[Start of Attachment]

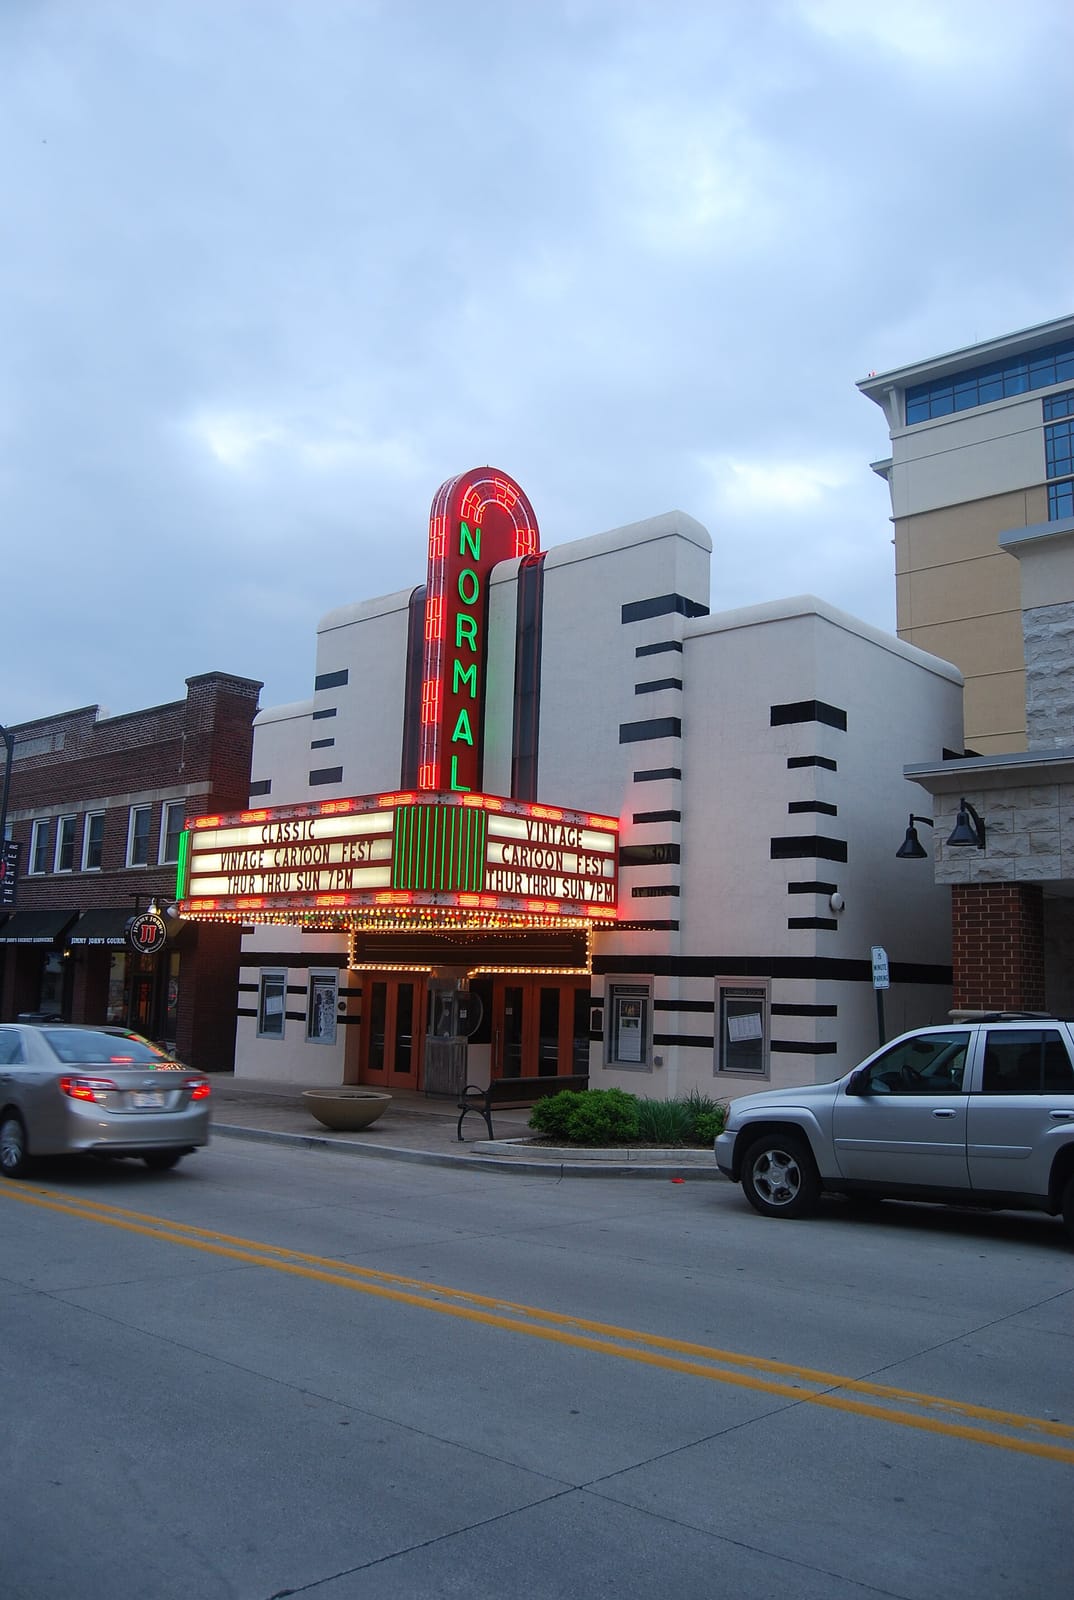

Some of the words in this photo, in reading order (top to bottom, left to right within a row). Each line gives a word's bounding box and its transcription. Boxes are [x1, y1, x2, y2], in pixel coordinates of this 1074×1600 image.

[451, 521, 481, 792] NORMAL
[261, 820, 315, 843] CLASSIC
[526, 820, 582, 848] VINTAGE
[220, 849, 264, 871] VINTAGE
[274, 843, 330, 868] CARTOON
[342, 841, 374, 862] FEST
[502, 844, 563, 871] CARTOON
[576, 855, 605, 877] FEST
[3, 844, 18, 904] THEATER
[227, 875, 255, 895] THUR
[261, 873, 290, 892] THRU
[296, 871, 320, 890] SUN
[486, 871, 522, 894] THUR
[526, 874, 557, 896] THRU
[562, 879, 585, 899] SUN
[133, 916, 148, 933] JIMMY
[140, 924, 157, 943] JJ
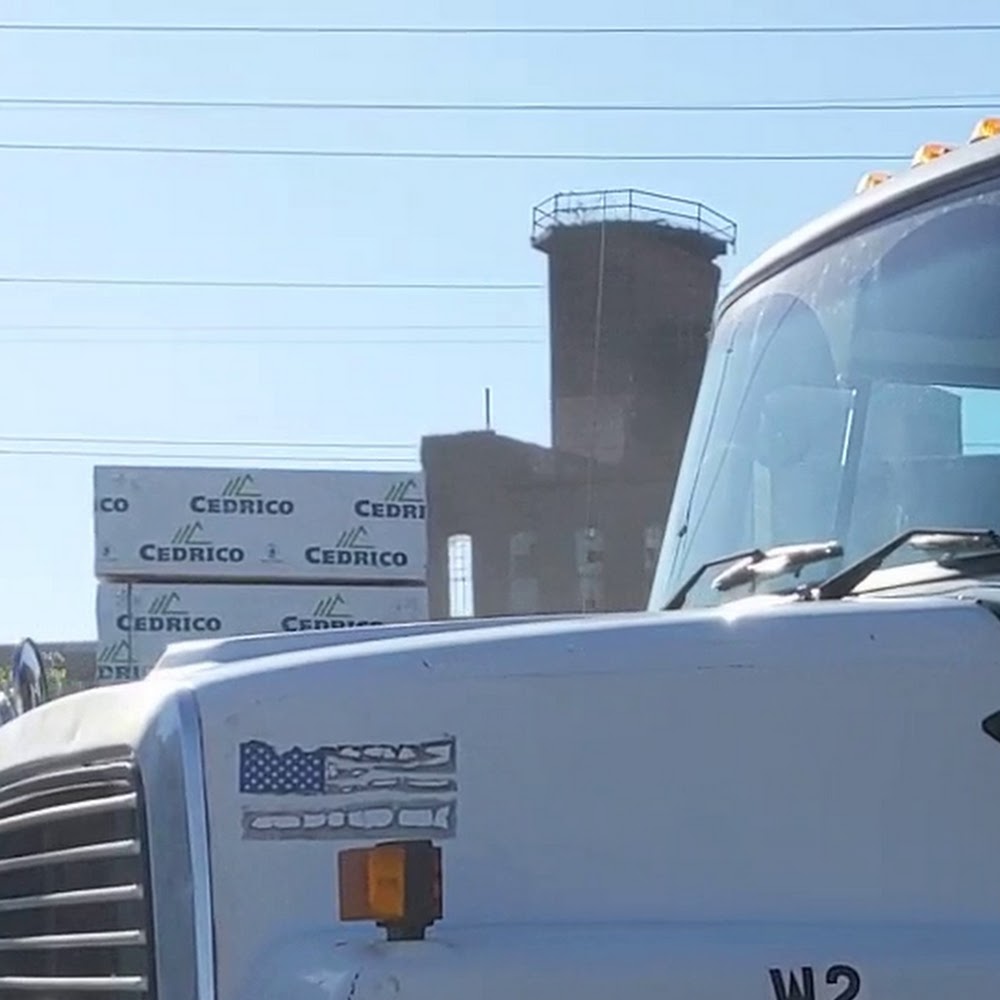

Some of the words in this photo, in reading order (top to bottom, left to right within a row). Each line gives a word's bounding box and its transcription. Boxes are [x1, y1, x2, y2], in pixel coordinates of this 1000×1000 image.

[End of Attachment]

- Exercise details
Would you please retype all the data exactly? Leave out whatever pictures it holds.

- Response area
Some of the words in this photo, in reading order (top to bottom, left to right within a row). Each line gives a word's bounding box and its transcription. Boxes are [x1, y1, x2, y2], in pixel coordinates of this 1074×1600 image.

[451, 521, 481, 792] NORMAL
[261, 820, 315, 843] CLASSIC
[526, 820, 582, 848] VINTAGE
[220, 849, 264, 871] VINTAGE
[274, 843, 330, 868] CARTOON
[342, 841, 374, 862] FEST
[502, 844, 563, 871] CARTOON
[576, 855, 605, 877] FEST
[3, 844, 18, 904] THEATER
[227, 875, 255, 895] THUR
[261, 873, 290, 892] THRU
[296, 871, 320, 890] SUN
[486, 871, 522, 894] THUR
[526, 874, 557, 896] THRU
[562, 879, 585, 899] SUN
[133, 916, 148, 933] JIMMY
[140, 924, 157, 943] JJ

Some of the words in this photo, in reading order (top to bottom, left to right within a row). Each line gives a word's bounding box and its transcription. Boxes are [x1, y1, x2, y2], in pixel coordinates of this 1000×1000 image.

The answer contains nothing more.